Can Vitamin C Supplements Help with Lead Poisoning?

“Even if a nutritional manipulation is proven effective in reducing blood lead levels, reliance on such an intervention places most of the burden for prevention on those most affected and least responsible for the underlying environmental causes of lead toxicity. Nutritional interventions, therefore, must never substitute for efforts to reduce lead exposure to safe levels. On the other hand, when used as an adjunct to environmental measures, some nutritional changes may prove to have benefits beyond any impact on lead toxicity.” For example, consumption of vitamin C-rich foods may help with “blood pressure, blood lipid profiles, and respiratory symptoms,” in addition to perhaps influencing “lead toxicity through an influence on absorption of lead, elimination of lead, transport within the body, tissue binding, or secondary mechanisms of toxicity,” that is, even just helping ameliorate some of the damage. But what is this based on?

In 1939, a remarkable study was published, entitled “Vitamin C treatment in lead poisoning,” in which 17 lead industry workers were given 100 mg of vitamin C a day, the amount found in one or two oranges, and “with practically all of them there was a marked gain in vigor, color of skin, cheerfulness, blood picture, appetite and ability to sleep well.” The 17 workers were chosen because they seemed to be in pretty bad shape and possibly even had scurvy, so it’s no wonder a little vitamin C helped. But vitamin C is an antioxidant, and oxidation is “an important mechanism underlying lead toxicity,” so it’s conceivable that it may have mediated some of the harm. But, the vitamin C didn’t appear to just reduce the damage from the lead—it also reduced the lead itself. As you can see from 1:43 in my video Can Vitamin C Help with Lead Poisoning?, the amount of lead in a painter’s urine over a period of a month after starting 200 mg of vitamin C a day exhibited a five-fold drop, suggesting he was absorbing less of the lead into his body. He was one of three painters researchers tried this on, and evidently all three painters’ levels dropped. The researchers concluded that those “exposed to lead…should be advised to include in their diet plenty of such rich sources of vitamin C as tomatoes (fresh or canned), raw cabbage, oranges or grapefruit, raw spinach (or even cooked, in very little water), raw turnips, green bell peppers, cantaloupe, etc.”

Now, this drop in lead in the subjects’ urine was seen with only three painters, and the study didn’t have a control group of painters who didn’t take vitamin C, so perhaps everyone’s lead levels would have dropped for some other reason or perhaps it was just a coincidence. You don’t know…until you put it to the test.

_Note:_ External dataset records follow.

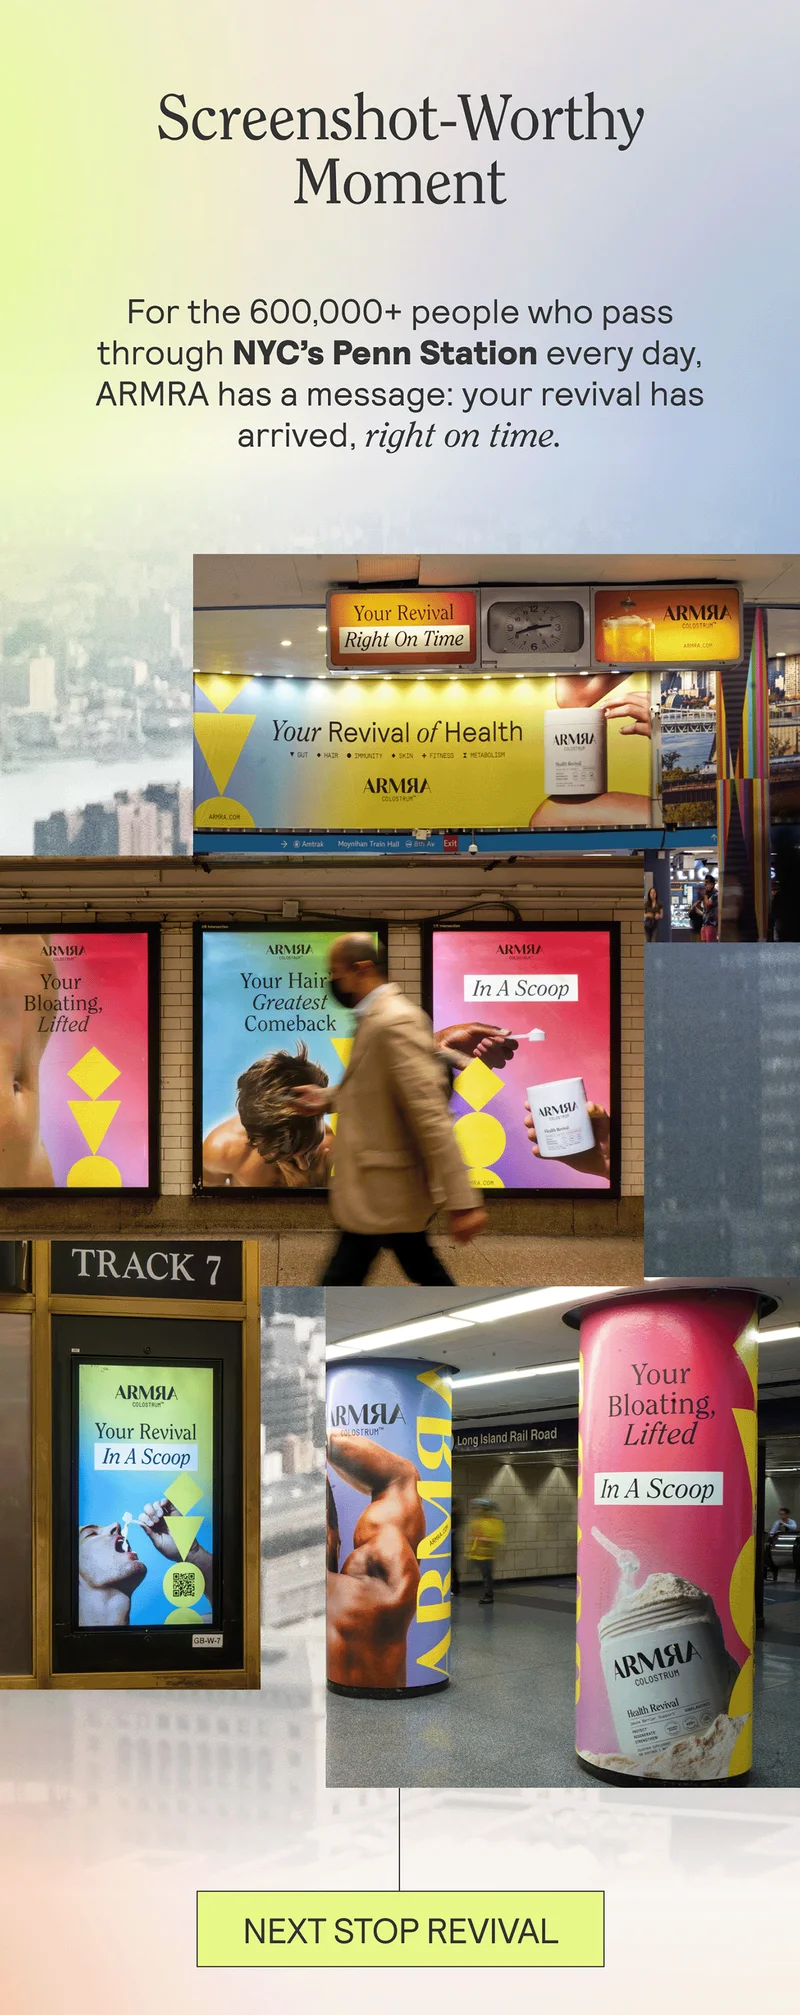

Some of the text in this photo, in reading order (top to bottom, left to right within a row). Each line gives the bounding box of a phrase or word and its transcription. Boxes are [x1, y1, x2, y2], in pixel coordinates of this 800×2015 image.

[354, 603, 453, 621] Your Revival
[530, 605, 538, 613] 12
[507, 624, 514, 632] 9
[344, 630, 464, 651] Right On Time
[272, 719, 523, 744] Your Revival of Health
[208, 813, 241, 821] ARMRA.COM
[301, 840, 324, 848] Amtrak
[338, 840, 400, 849] Moynihan Train Hall
[443, 839, 458, 848] Exit
[40, 973, 82, 990] Your
[240, 972, 282, 989] Your
[472, 979, 570, 999] In A Scoop
[24, 994, 103, 1014] Bloating,
[252, 994, 328, 1011] Greatest
[37, 1015, 90, 1033] Lifted
[244, 1014, 337, 1032] Comeback
[71, 1248, 221, 1285] TRACK 7
[631, 1363, 691, 1386] Your
[608, 1391, 715, 1420] Bloating,
[95, 1422, 196, 1440] Your Revival
[457, 1427, 557, 1448] Long Island Rail Road
[623, 1420, 698, 1446] Lifted
[102, 1447, 191, 1469] In A Scoop
[600, 1477, 715, 1503] In A Scoop
[193, 1637, 221, 1645] GB-W-7
[634, 1669, 680, 1687] COLOSTRUM
[626, 1698, 680, 1718] Health Revival

Those original data were so compelling that others were inspired to try to replicate them. I mean, if it actually worked, if vitamin C could help with lead poisoning, grapefruits could be handed out at the factory door! The earlier study didn’t have a good control group, but the researchers weren’t going to make that same mistake this time. In this study, half of the group got 100 mg of vitamin C a day—not just for a month but for a year—and the other group got nothing. The result? “Careful study of a large group of lead workers failed to reveal any effect of ascorbic acid vitamin C…on the lead concentration in the blood…or urine” (emphasis added). There was no difference in their physical condition and no changes in their blood work, so “no reason has been found for recommending the use of ascorbic acid vitamin C to minimize effects of lead absorption.” What a disappointment. It looked so promising!

Whenever I study a topic, I try to read the research chronologically so I can experience the discoveries as they happened throughout history. At this point, though, I was so tempted to jump to a recent review to see what had happened in the intervening 74 years since that first study was published, but I didn’t want to spoiler alert! myself, so I kept reading the papers sequentially. There were in vitro studies where researchers dripped antioxidants on lead exposed cells and it seemed to help, so they jumped on the cantaloupe bandwagon, too, but these were test tube studies.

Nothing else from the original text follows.